Politically Incorrect definiert sich als “News gegen den Mainstream, Proamerikanisch, Proisraelisch, Gegen die Islamisierung Europas, Für Grundgesetz und Menschenrechte”. Hinter dem, was erst einmal recht harmlos klingt steckt ein bloßer Populismus: Feindbild sind generell Andersdenkende, gerne wird gegen die “Antifa”, die Grünen, die Partei “Die Linke” oder gegen die SPD gehetzt.
Letzten Endes bleibt der Hauptfeind doch der Islam und Menschen mit Migrationshintergrund in Deutschland: Die Autor*innen des Blogs propagieren die vermeintlich heranrückende, bedrohliche Islamisierung Europas und problematisieren platt die “Zuwanderung” allgemein. Immer wieder fallen die Wörter “Ausländer”, “Scharia”, “Islam” und “Asyl” im Zusammenhang mit Gewalt, Kriminalität und “Sittenverfall”. Sie sehen humanistische Werte in Gefahr und dafür verantwortlich gemacht wird pauschal der Islam.
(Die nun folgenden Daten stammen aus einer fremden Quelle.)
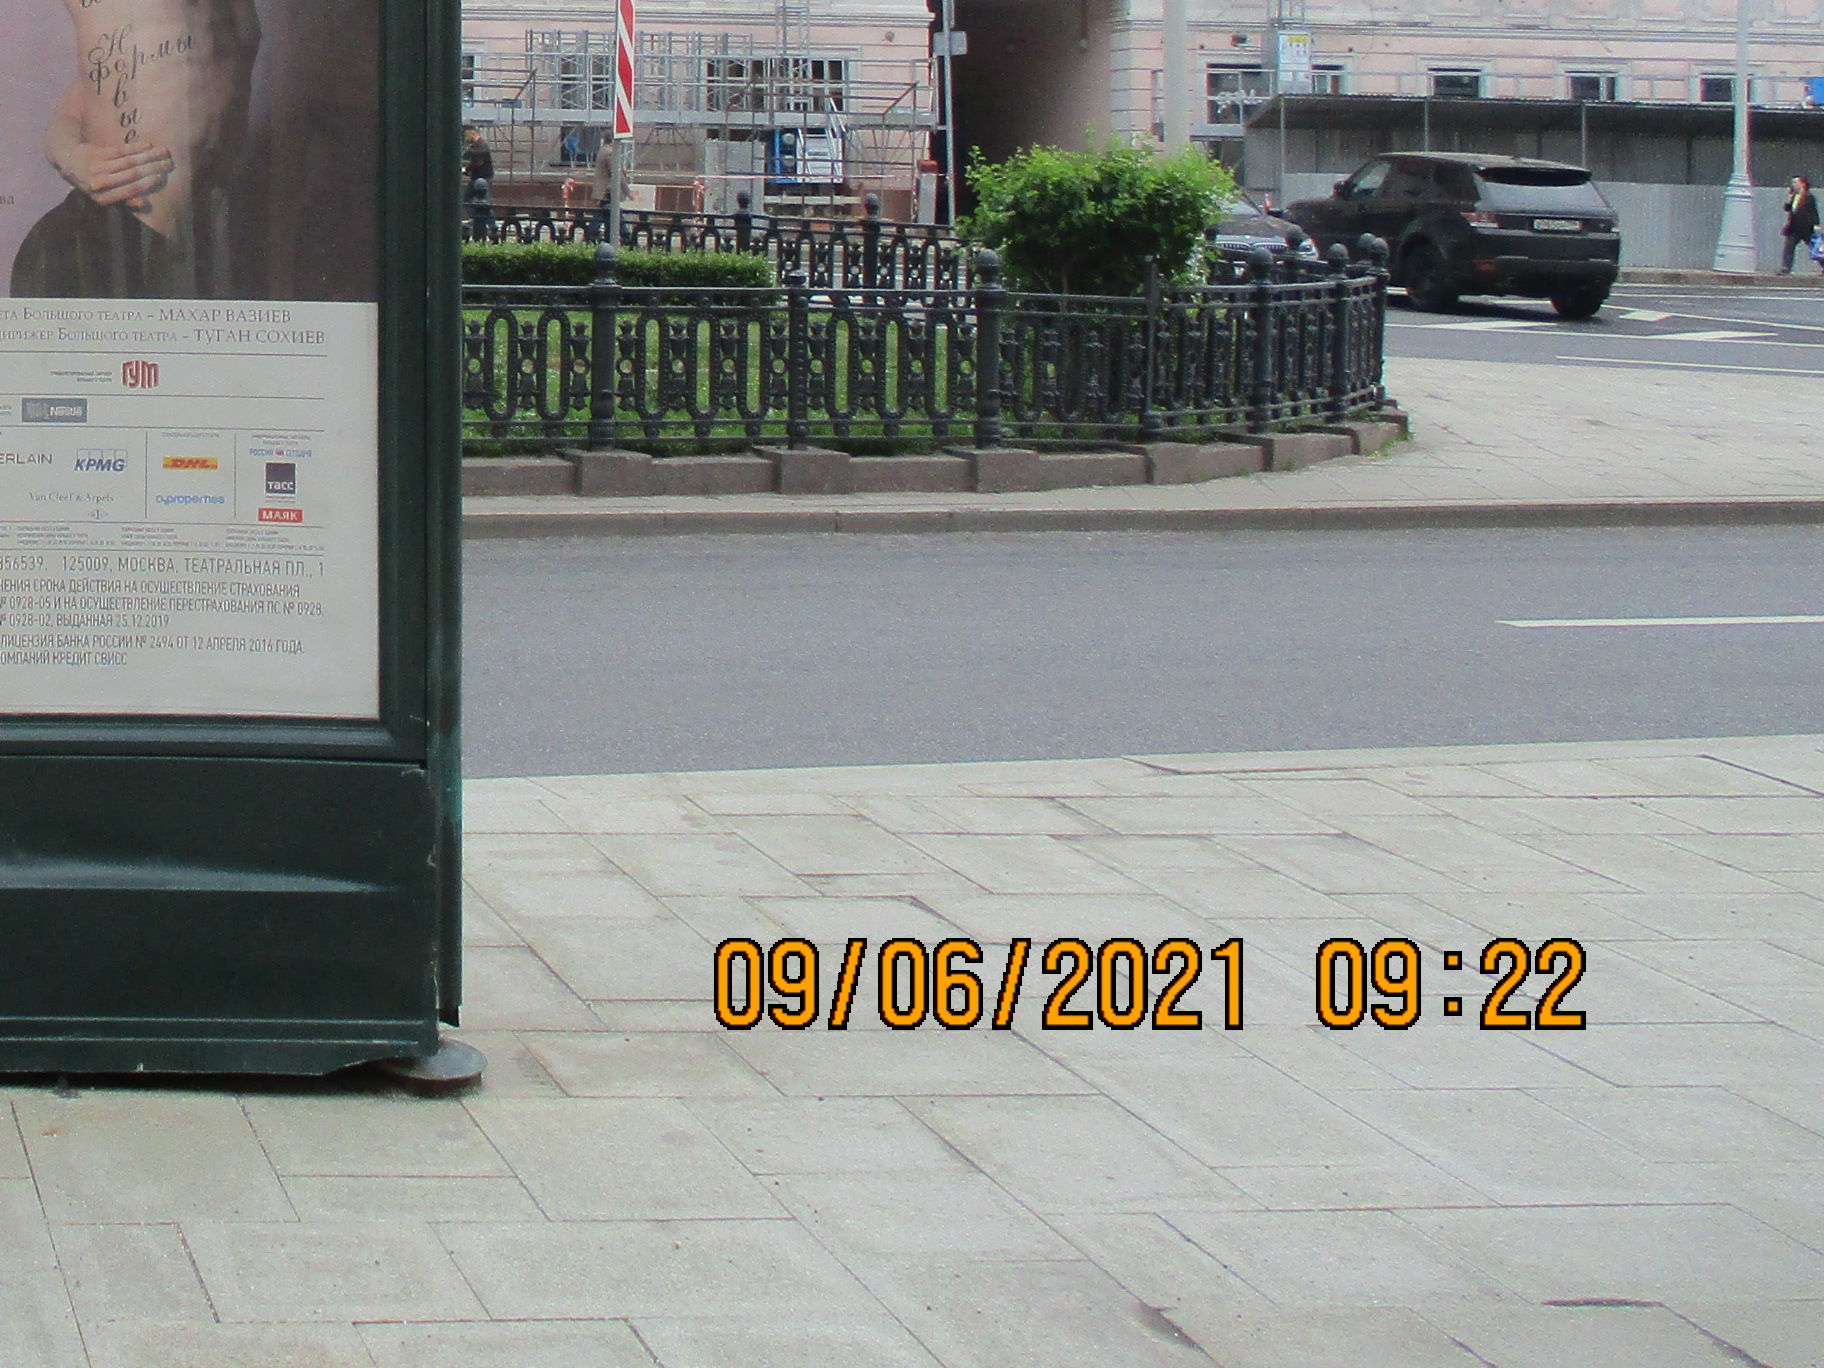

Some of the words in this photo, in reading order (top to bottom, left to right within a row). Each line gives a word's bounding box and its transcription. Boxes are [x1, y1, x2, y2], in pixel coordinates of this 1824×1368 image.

Dass sich Menschen aus dieser rechten Szene als pro-israelisch begreifen, ist kein schlechter Witz. Denn die Rechten begreifen Israel als einen Vorreiter des “aufgeklärten” westlichen Kapitalismus gegen den heranrückenden, als rückständig und “barbarisch” dargestellten, Islam. Den unkritisch, überaus positiven Bezug auf Israel und das Judentum nennt man “Philosemitismus”. Mit diesem setzt sich diese Szene deutlich von klassischen Neonazis und auch dem historischen Nationalsozialismus ab. Sie sind mit dem platten Rassismus dennoch vor allem offen nach Rechts, mit dem sehr bürgerlichen Auftreten wiederum offen zur Mitte. Ebenso wie die “Blaue Narzisse” verlinkt der Blog die “Identitäre Bewegung“.  Somit ist PI News durchaus gefährlich und nicht zu unterschätzen, weswegen die Seite wohl seit neustem auch mehr und mehr in das Augenmerk vom Verfassungsschutz gerät.